On the other hand, as you correctly assumed, the history of the theory certainly shows that the concept of the value relation has always been the same — more or less clear, hedged more or less with illusions or scientifically more or less definite. Since the thought process itself grows out of conditions, is itself a natural process, thinking that really comprehends must always be the same, and can vary only gradually, according to maturity of development, including the development of the organ by which the thinking is done. Everything else is drivel.

The vulgar economist has not the faintest idea that the actual everyday exchange relations can not be directly identical with the magnitudes of value. The essence of bourgeois society consists precisely in this, that a priori there is no conscious social regulation of production. The rational and naturally necessary asserts itself only as a blindly working average. And then the vulgar economist thinks he has made a great discovery when, as against the revelation of the inner interconnection, he proudly claims that in appearance things look different. In fact, he boasts that he holds fast to appearance, and takes it for the ultimate. Why, then, have any science at all?

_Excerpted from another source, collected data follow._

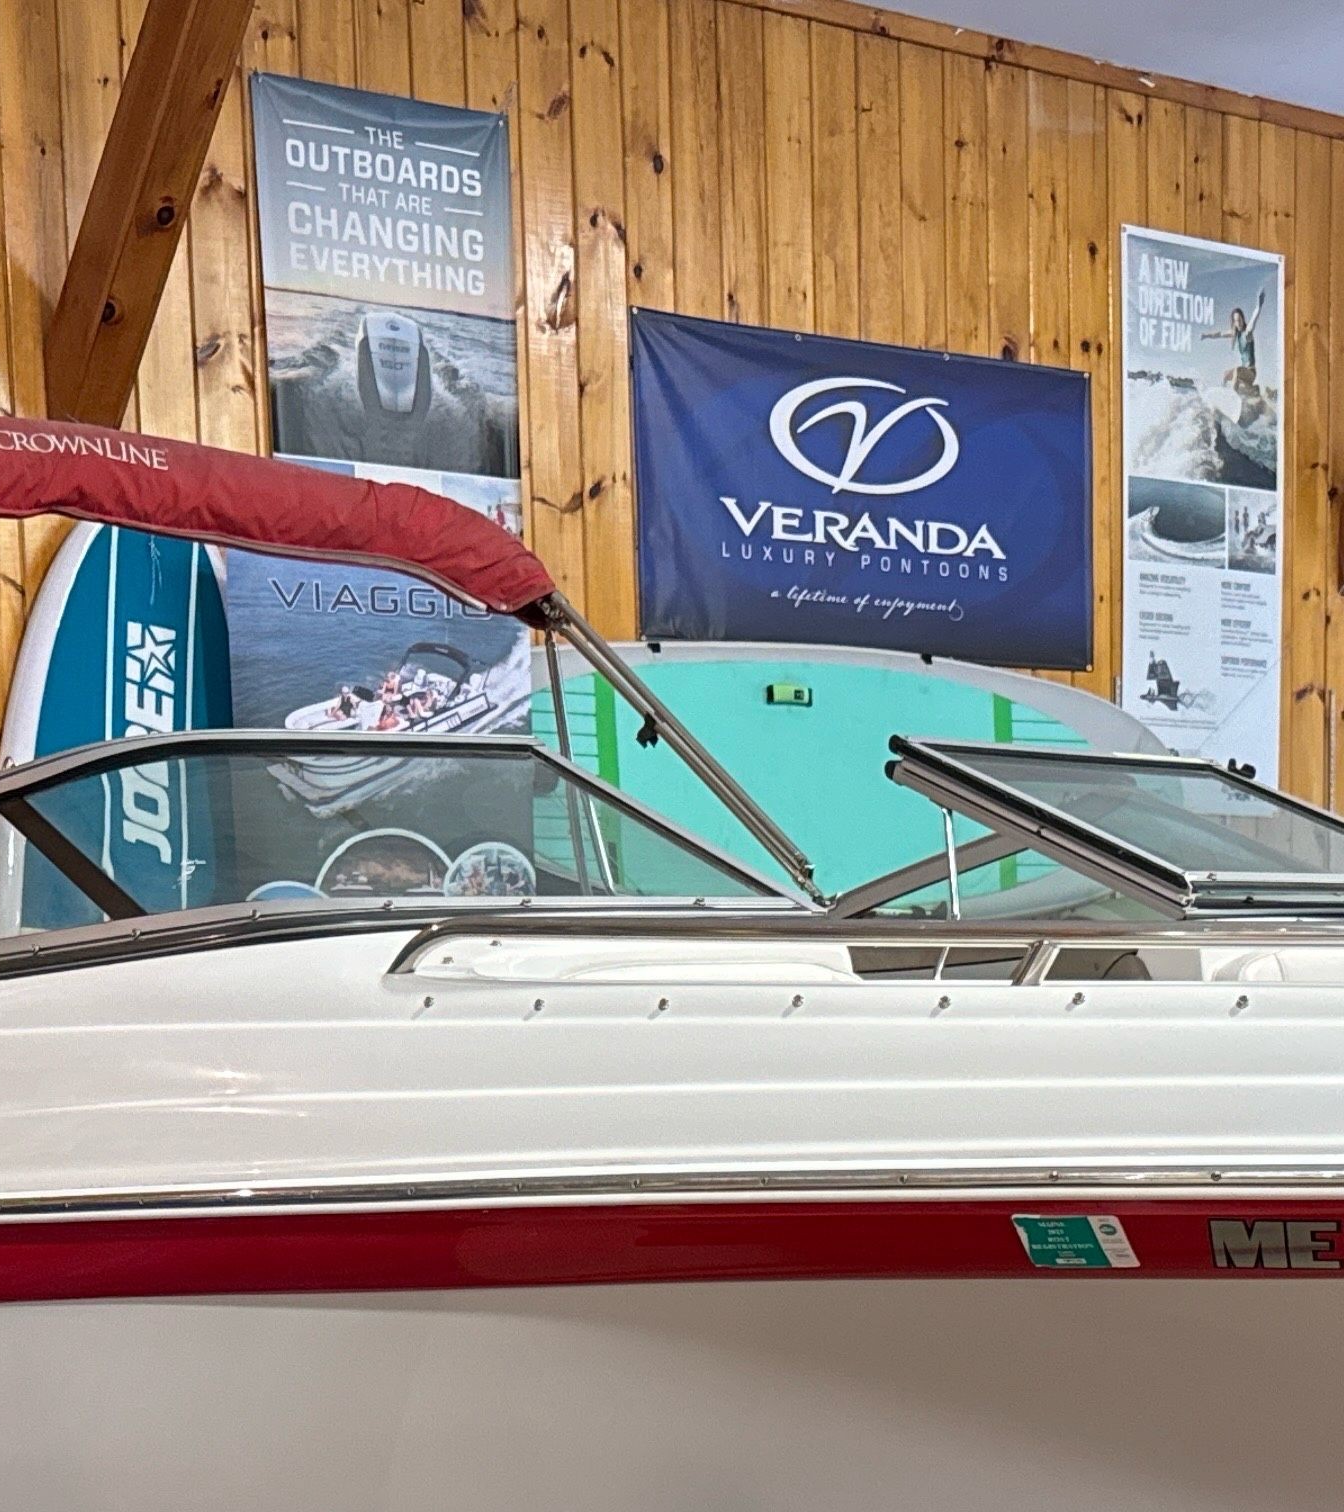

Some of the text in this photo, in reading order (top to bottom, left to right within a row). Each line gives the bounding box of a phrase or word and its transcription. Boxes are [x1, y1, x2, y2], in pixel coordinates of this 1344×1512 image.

[364, 126, 404, 150] THE
[284, 137, 483, 198] OUTBOARDS
[338, 182, 432, 215] THAT ARE
[287, 200, 485, 264] CHANGING
[290, 242, 485, 297] EVERYTHING
[1139, 253, 1190, 289] A NEW
[1138, 285, 1214, 326] DIRECTION
[1140, 319, 1193, 353] OF FUN
[720, 496, 1007, 560] VERANDA
[721, 541, 1009, 582] LUXURY PONTOONS
[770, 585, 964, 622] a lifetime of enjoyment

But the matter has also another background. Once the interconnection is grasped, all theoretical belief in the permanent necessity of existing conditions collapses before their collapse in practice. Here, therefore, it is absolutely in the interest of the ruling classes to perpetuate a senseless confusion. And for what other purpose are the sycophantic babblers paid, who have no other scientific trump to play save that in political economy one should not think at all?

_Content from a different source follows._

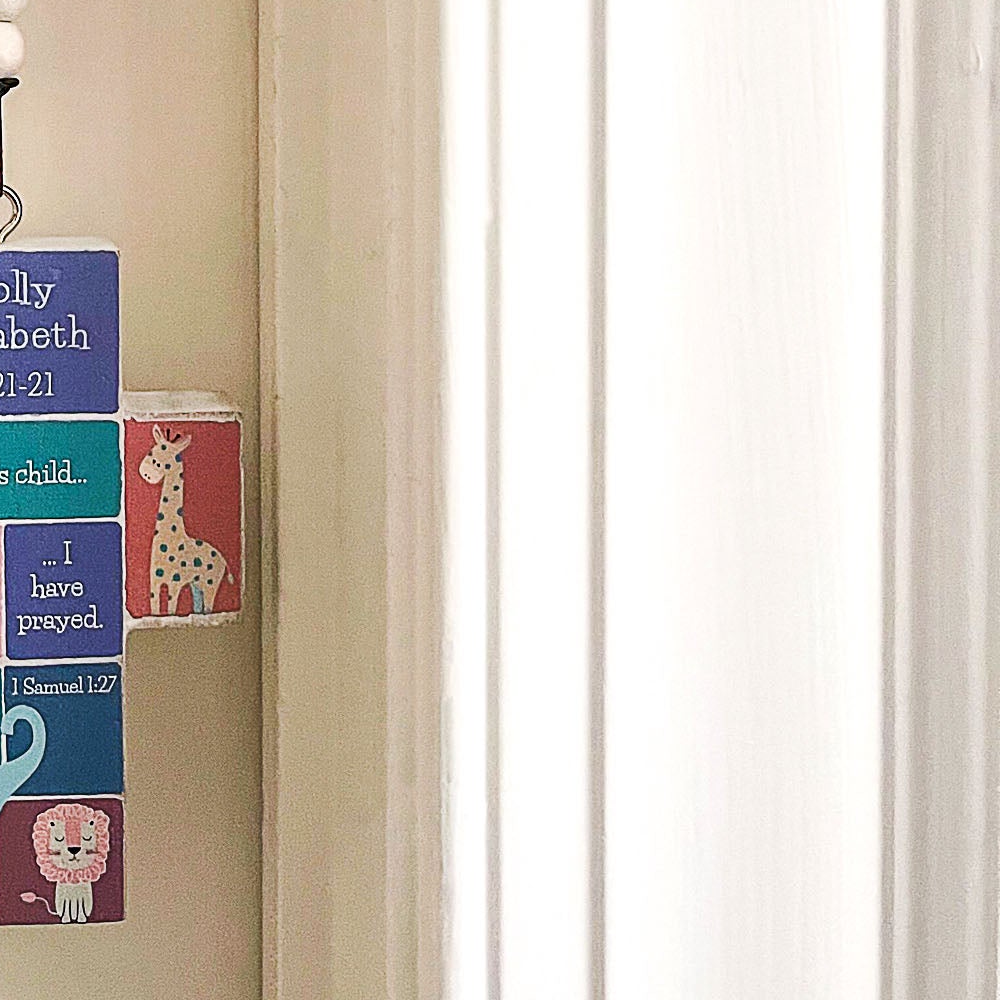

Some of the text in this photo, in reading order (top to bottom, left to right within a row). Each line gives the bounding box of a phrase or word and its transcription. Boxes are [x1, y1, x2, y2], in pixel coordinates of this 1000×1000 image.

But satis superque [enough and to spare]. In any case it shows what these priests of the bourgeoisie have come down to, when workers and even manufacturers and merchants understand my book [Capital] and find their way about in it, while these “learned scribes” (!) complain that I make excessive demands on their understanding….


On this Lenin wrote:

Of outstanding interest as a contribution to a fuller and more profound understanding of Marxism is the letter of July 11, 1868 (p. 42, et seq.).[1] In the form of a polemic against the vulgar economists, Marx in this letter very clearly expounds his conception of what is called the “labour” theory of value. Those very objections to Marx’s theory of value which naturally arise in the minds of the least trained readers of Capital and for this reason are most eagerly seized upon by the common or garden representatives of “professorial” bourgeois “science”, are here analysed by Marx briefly, simply, and with remarkable lucidity. Marx here shows the road he took and the road to be taken towards elucidation of the law of value. He teaches us his method, using the most common objections as illustrations. He makes clear the connection between such a purely (it would seem) theoretical and abstract question as the theory of value and “the interest of the ruling classes”, which must be “to perpetuate confusion”. It is only to be hoped that every one who begins to study Marx and read Capital will read and re-read this letter when studying the first and most difficult chapters of that book.

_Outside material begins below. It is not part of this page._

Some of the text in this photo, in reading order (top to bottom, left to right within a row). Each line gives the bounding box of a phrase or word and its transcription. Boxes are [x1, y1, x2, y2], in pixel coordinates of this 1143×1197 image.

Full text of the letter can be found in MECW43 item 44 pp67-70 with footnotes 29, 41, 65 93-94 and 98-101 at end of volume.

Lenin appears to be describing something longer than the extract given here but it is probably the same as that in the 1907 pamphlet for which Lenin wrote the preface linked above. One does have to “read and re-read” this letter to grasp that it does indeed present what Lenin described and does so “briefly and simply” as above. The full text and notes are not needed to grasp it.

The final paragraphs from both Marx and Lenin above are rather “optimistic”. See Rudolph Hilferding’s comment on Marx’s one unproved presupposition “readers who can think for themselves”.